To answer your first question:
There are two reasons it is being done. firstly we want our class to hold the data in its own memory location rather than start pointing to the existing memory that was allocated outside of the class. if we dont put
strcpy
there and simple assign the pointer then that would result in a shallow copy and when the
char*
that was supplied from outside goes out of scope(or deleted) this class must have ended up pointing to some invalid location. secondly why is is not
buffer*
, simple reason for this is the starting address of char array needs to be passed to
strcpy
to copy the data from source to destination. if we pass
buffer*
that would actually be a pointer pointing to the starting address of the array, resulting in wring results and perhaps catastrophe.

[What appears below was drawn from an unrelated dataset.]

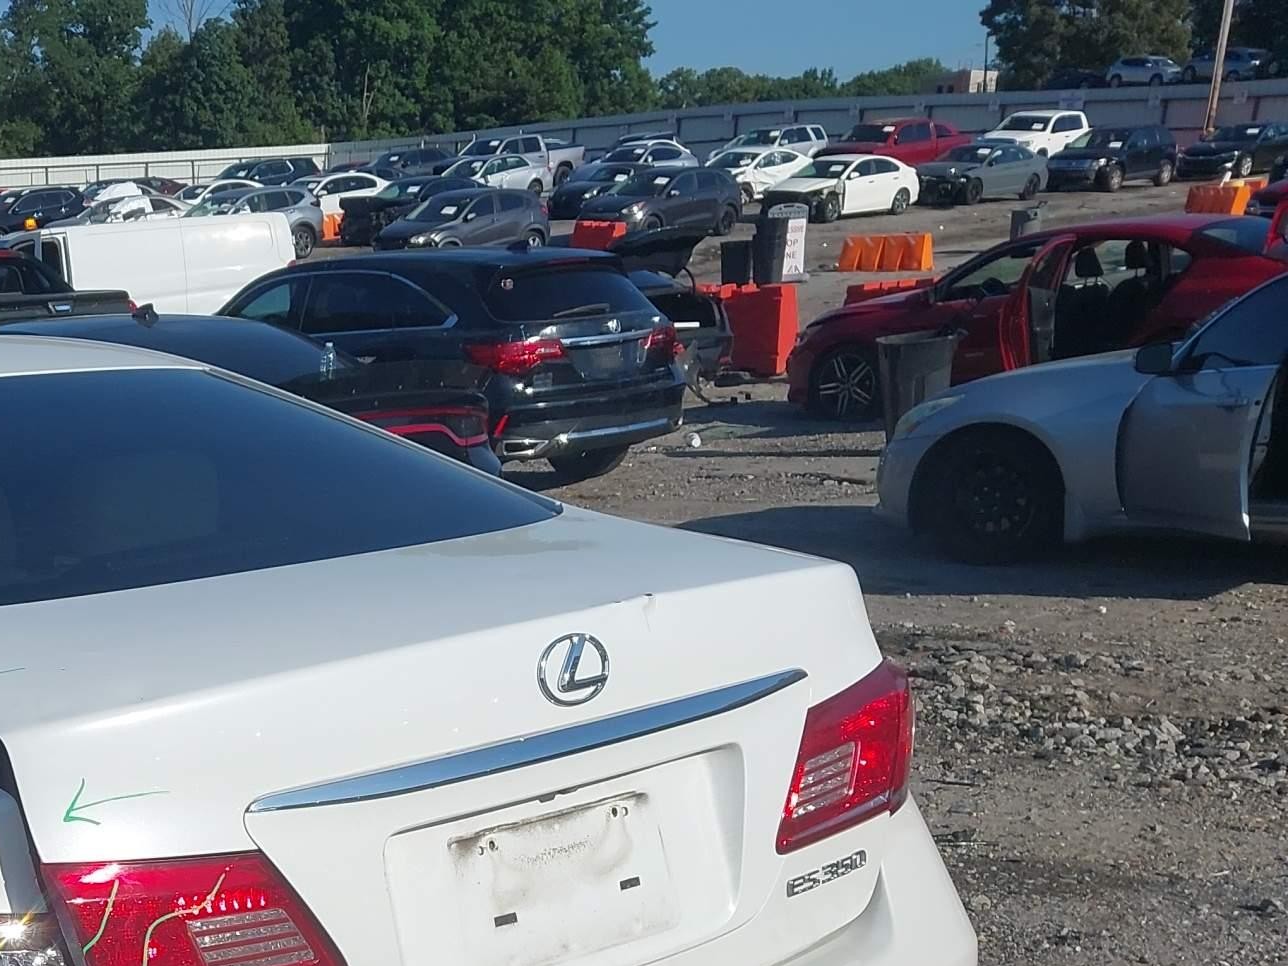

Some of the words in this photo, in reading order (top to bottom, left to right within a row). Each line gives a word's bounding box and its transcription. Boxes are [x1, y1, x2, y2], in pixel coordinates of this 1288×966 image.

strcpy(Buffer, InitialInput);
Now to answer your second question
const char * GetString()
{
return Buffer;
}
The reason this is returning a
*
is because we want the caller to get hold of complete string. that can only be done by passing the pointer to starting address. the caller can then simply use this address extract all chars till a
\0
and have all the string.
Now why is is
const
, we dont want the called to be able to change the string from outside and thus we are passing a
const
.
ADDITIONAL THOUGHTS:
I think this function
getString
is returning a pointer to a constant string so that the data can not be changed from outside but it is actually violating the basic encapsulation by passing the member pointer outside of the class. if he really wishes to so this I think this should ideally be like
const char * const GetString()
{
return Buffer;
}
I made the pointer constant too.
Note: C++ Gurus, please correct me if I am wrong or perhaps refine my understanding, i would really appreciate that.
eagerly awaiting response of experts on this.